Everything went according to plan. I left with resounding applause for my bravery and sacrifice and selflessness, all the while, silently hoping that she'd show up to see me off. I didn't know what I would do if she did. Half of me wanted to ignore her, to pretend I had moved on. But I knew in my heart I couldn't do it because the other, louder half, screamed for me to take her behind a building and kiss her until we were both senseless and she'd convinced me to stay. That isn't bravery or sacrifice or selflessness. That is insanity.

Nevertheless, I'd gone with Nicole and expected a change of direction. When it came in the form of midnight searches through dense jungles and camo-clad rescue teams, I should've known. It was all wrong. And it was all my fault.

Upon my return to Rosewood, buried at the bottom of the bottle, I was met with a plethora of grief-stricken pitiers. Their comfort was smothering. It was nearly unbearable, knowing that they believed I was in love with her, when that wasn't it at all. I'd wanted to be, but that didn't count.

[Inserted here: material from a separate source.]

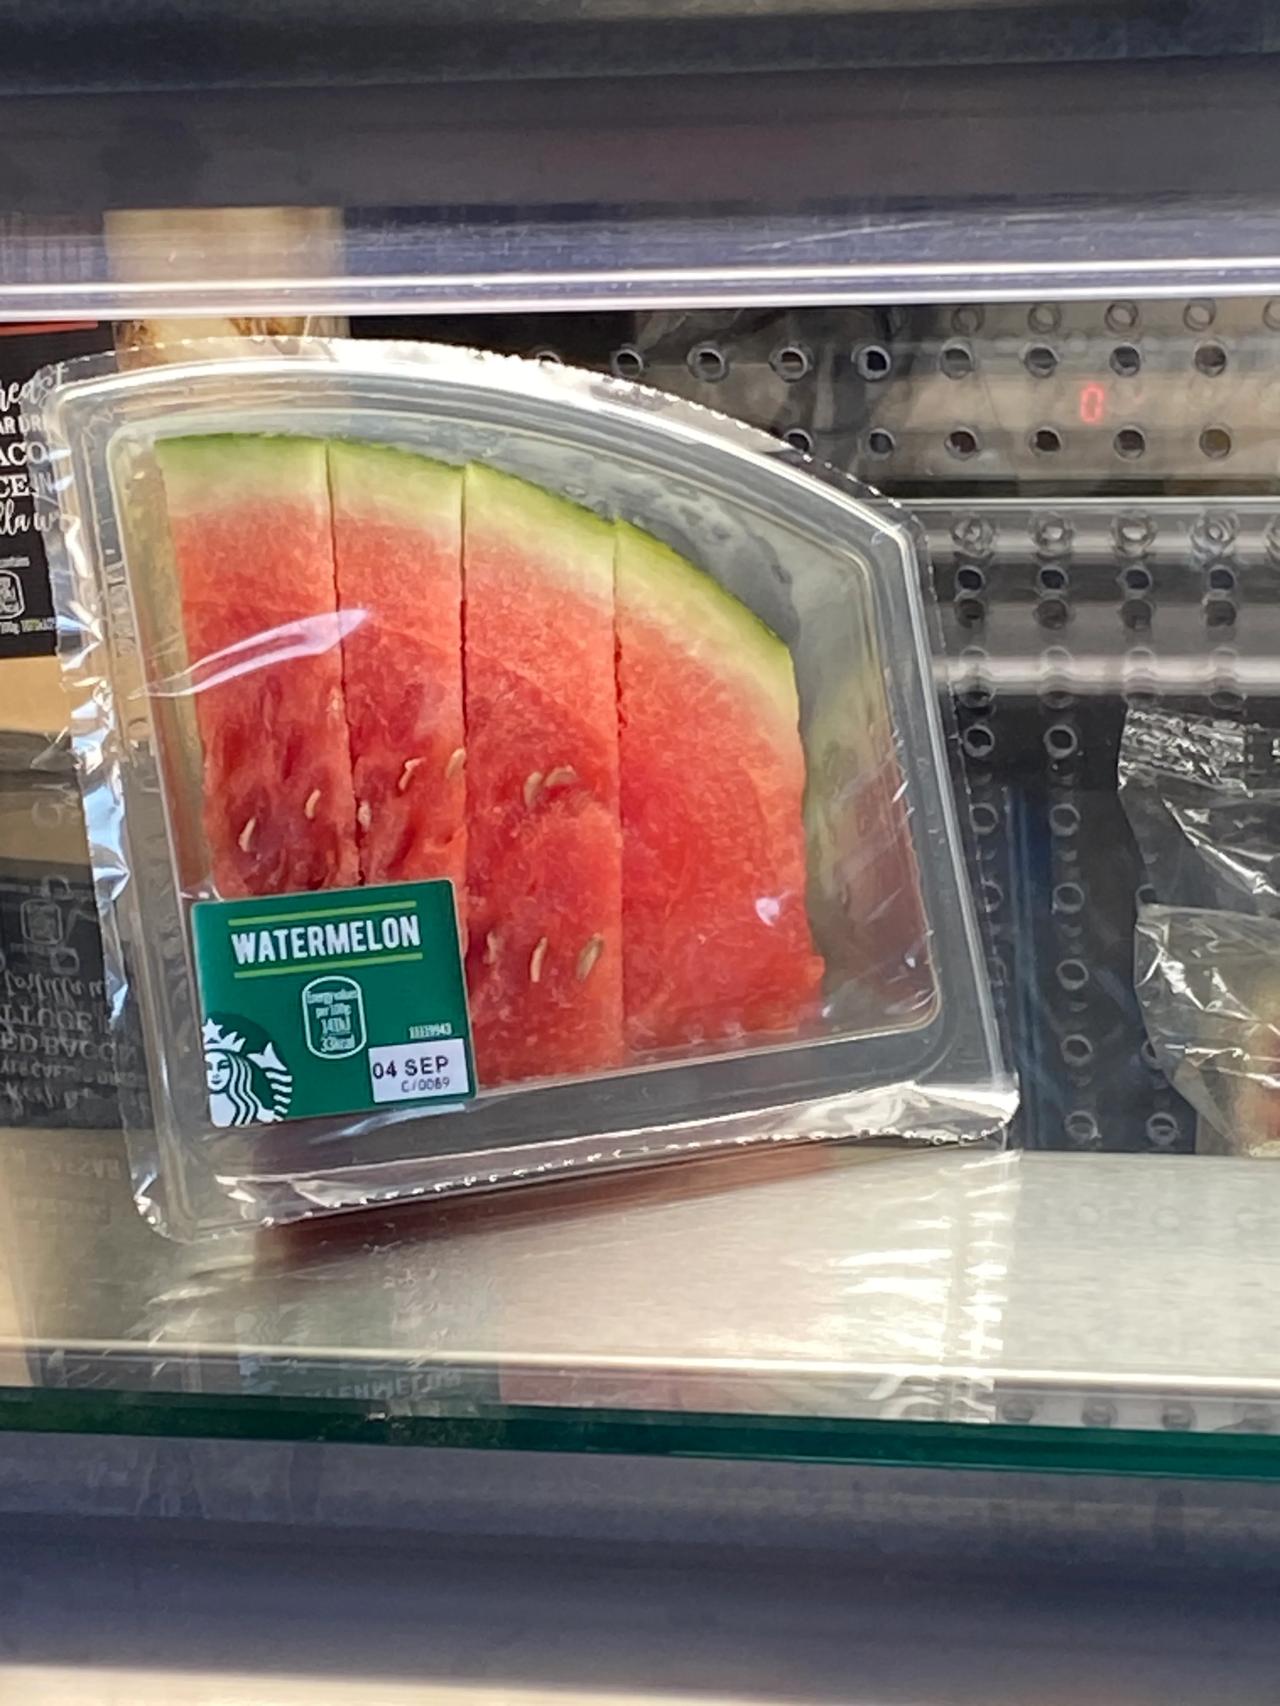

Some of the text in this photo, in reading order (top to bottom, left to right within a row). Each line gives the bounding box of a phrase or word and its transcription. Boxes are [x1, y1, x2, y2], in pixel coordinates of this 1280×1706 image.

[231, 915, 420, 964] WATERMELON
[372, 1054, 450, 1080] 04 SEP

And then she came back around. When we met up again after five years, it felt like the first moment of vacation, where you inhale an exaggerated breath of ocean air just because you can. I let my senses marvel at her, indulging in all of the things they had been denied for so long. It didn't matter that we didn't speak or touch. Simply being in her presence was more riveting than any adventure I embarked upon in South America.